(Data entries)

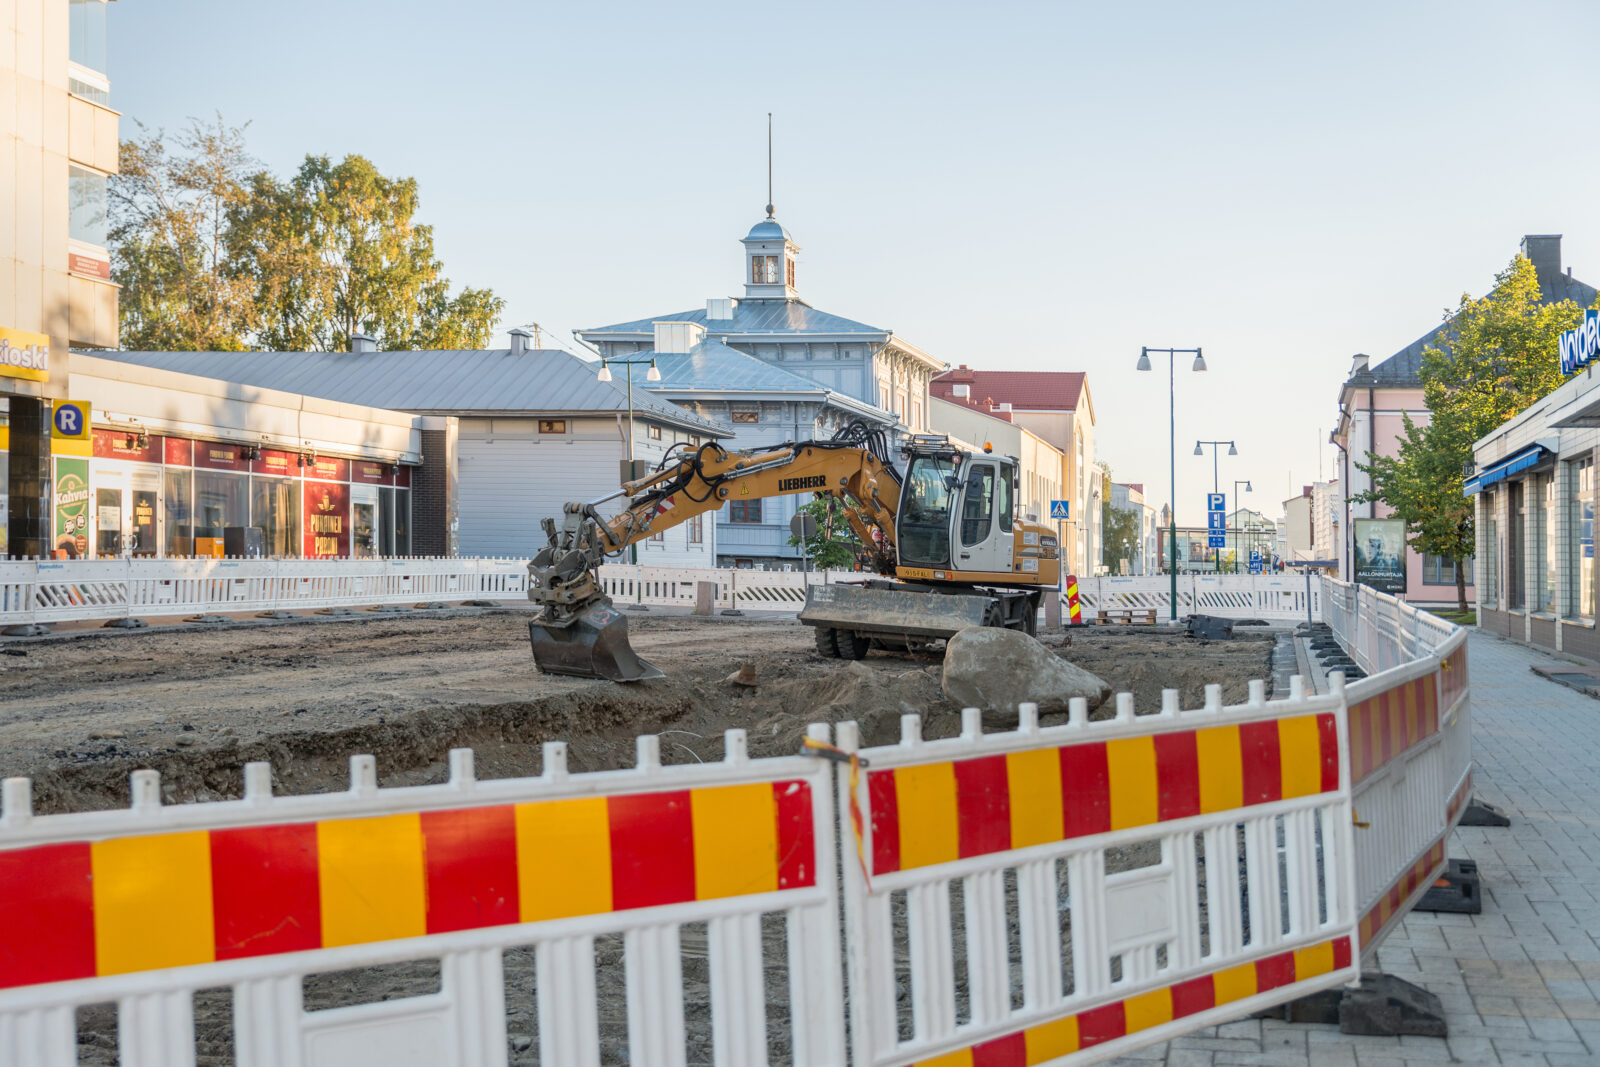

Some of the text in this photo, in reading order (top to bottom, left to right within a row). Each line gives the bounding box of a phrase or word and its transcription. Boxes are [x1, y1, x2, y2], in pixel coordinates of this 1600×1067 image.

[60, 409, 77, 430] R
[778, 474, 827, 491] LIEBHERR
[1211, 495, 1223, 510] P
[1251, 551, 1258, 560] P

Description of the task => An exact copy of all the data above is required; omit any pictures.

Response to the exercise =>
Some of the text in this photo, in reading order (top to bottom, left to right within a row). Each line gives the bounding box of a phrase or word and its transcription. Boxes are [x1, y1, x2, y2], in pixel coordinates of this 1600×1067 image.

[60, 409, 77, 430] R
[778, 474, 827, 491] LIEBHERR
[1211, 495, 1223, 510] P
[1251, 551, 1258, 560] P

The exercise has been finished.